Being protestant, I generally don't mark the passing of Lent with much thought, though I do realize the forty days leading up to Easter are symbolic of Jesus' time in the wilderness when He was being tested by Satan. An Anglican friend was visiting a few weeks ago and commented on the fact that we were having a worship arts festival at the beginning of Lent. The atmosphere in the sanctuary was highly charged, the singing shaking long idle dust from the rafters. Aparently, Anglicans don't say Allelujah during Lent. It's not a time for praising God [that comes Easter Sunday]. Forty days out of the year, that leaves 325 days... but I digress.

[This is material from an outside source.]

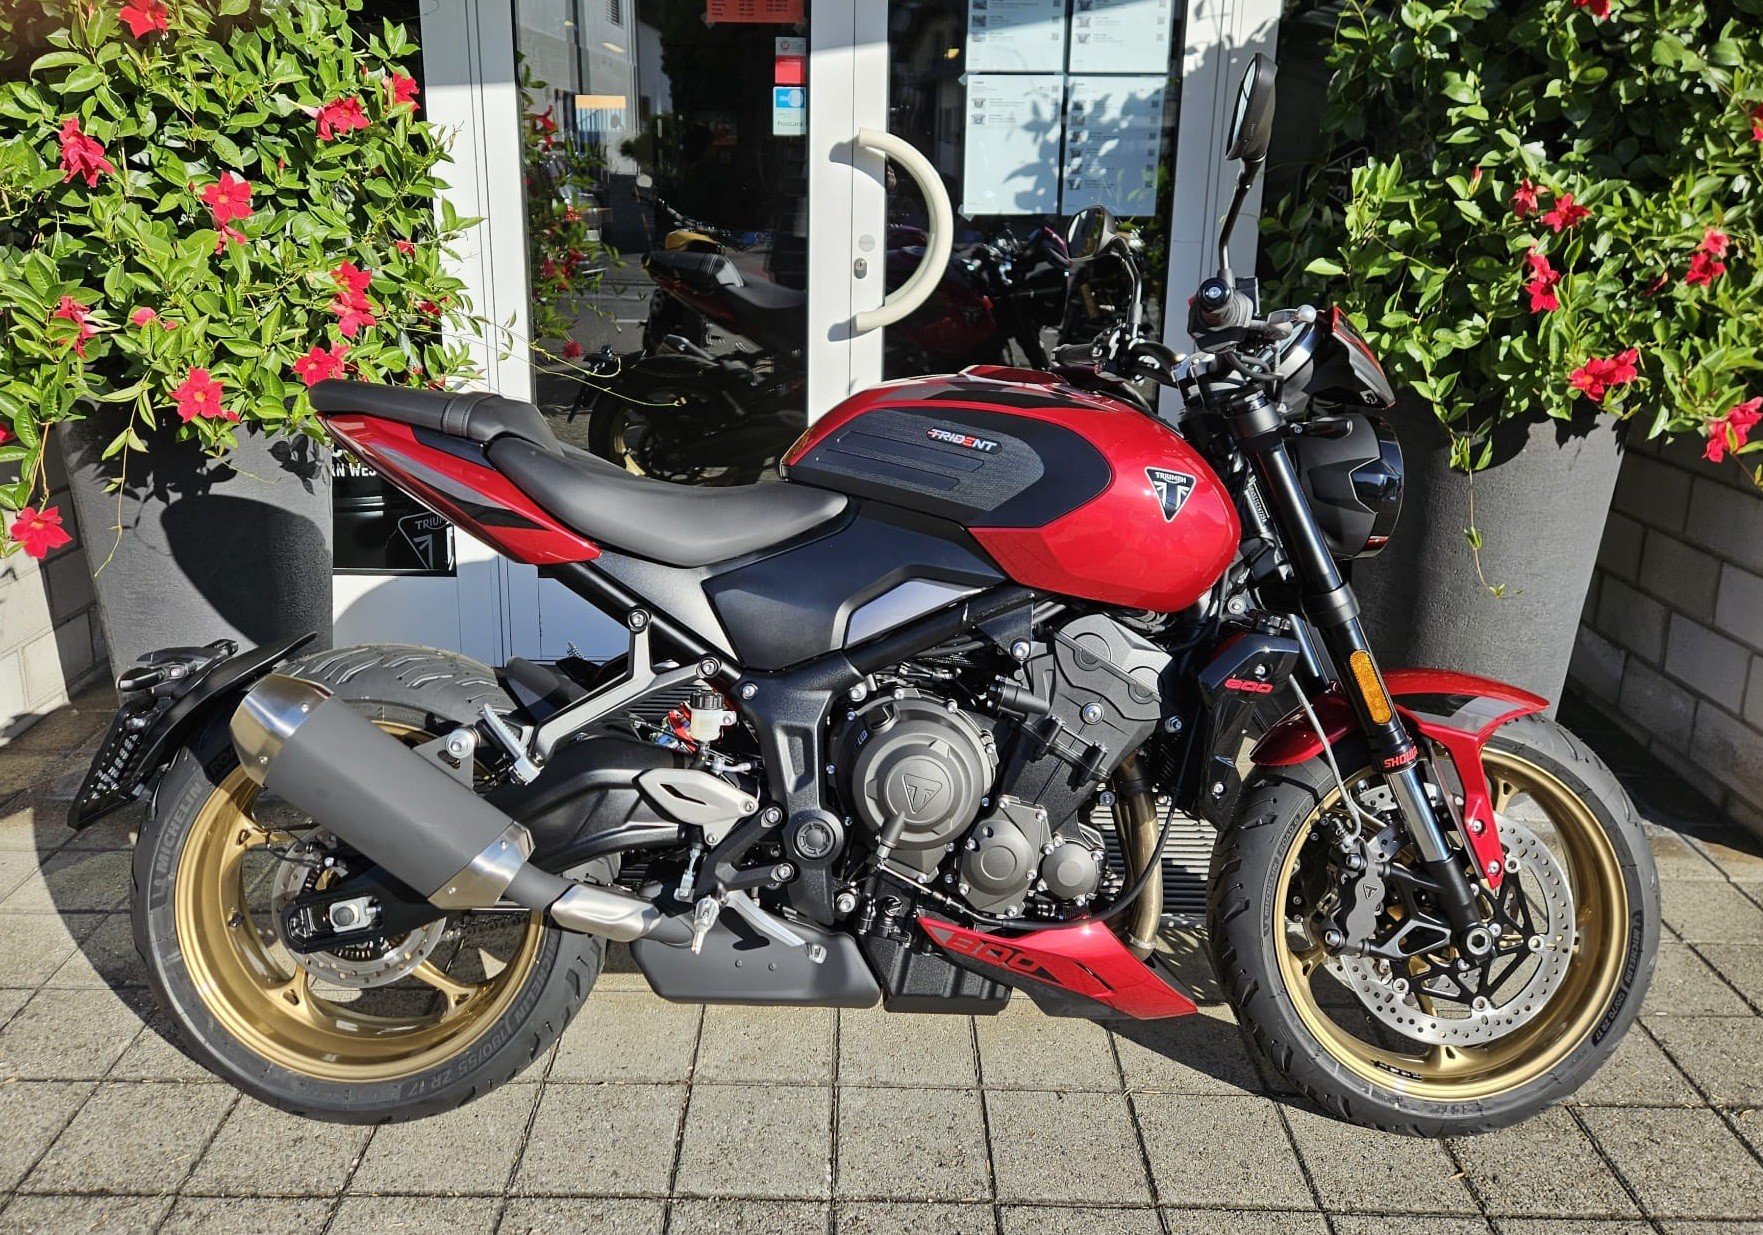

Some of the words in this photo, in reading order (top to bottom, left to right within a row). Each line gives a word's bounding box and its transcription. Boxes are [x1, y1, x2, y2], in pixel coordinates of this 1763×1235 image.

My point is until recently, I didn't pay much attention to the whole Lent thing. That is until art suddenly got involved. Years ago when my mother was single and my grandmother still alive and not crippled by arthritis, they stumbled on pysanke. My family is not Ukranian. Or Russian, for that matter, or any of the other ethnicities from whom pysanke came from. We're Welsh and Scottish and Sicilian [my mother and I are]. My mother was an art education major, and learned pysanke from a fellow student's mother, who was Ukranian. A few years later, my brother and I were born and she quit doing eggs because we'd get into the dye and smash the egg shells. When I was in college, mom pulled out her materials, ordered some new dye and taught me how to decorate eggs. And I'm not talking about hardboiled eggs and food coloring.
This year we tracked down some farm eggs, which had harder shells and are generally prettier than any brown, free range or organic egg you could find at a grocer. 7 dozen eggs later, we left the farm with duck eggs, Easter eggs [a lerger than jumbo size with a pale bluish color], Banty eggs, and button quail eggs [a dark speckled mocha color, no bigger than the end of your pinky - and too cute for words]. We lost a dozen, which had been stored on our back porch when the temperature plunged to the low teens one night. Ukranian eggs can be decorated raw, but traditionally, they have two holes pierced through the shell - one at both of the elipse ends - and the contents of the egg are blown out either mechanically with a tinsy bellows or by one's own breath. We will not be blowing out the quail eggs, of which there are a dozen, and we lost a dozen to the frost, so there's five dozen eggs that need to be blown out. What do we do with all the egg? You guess is as good as mine, but I saw a custard recipe that called for a dozen eggs, so that might be a good place to start.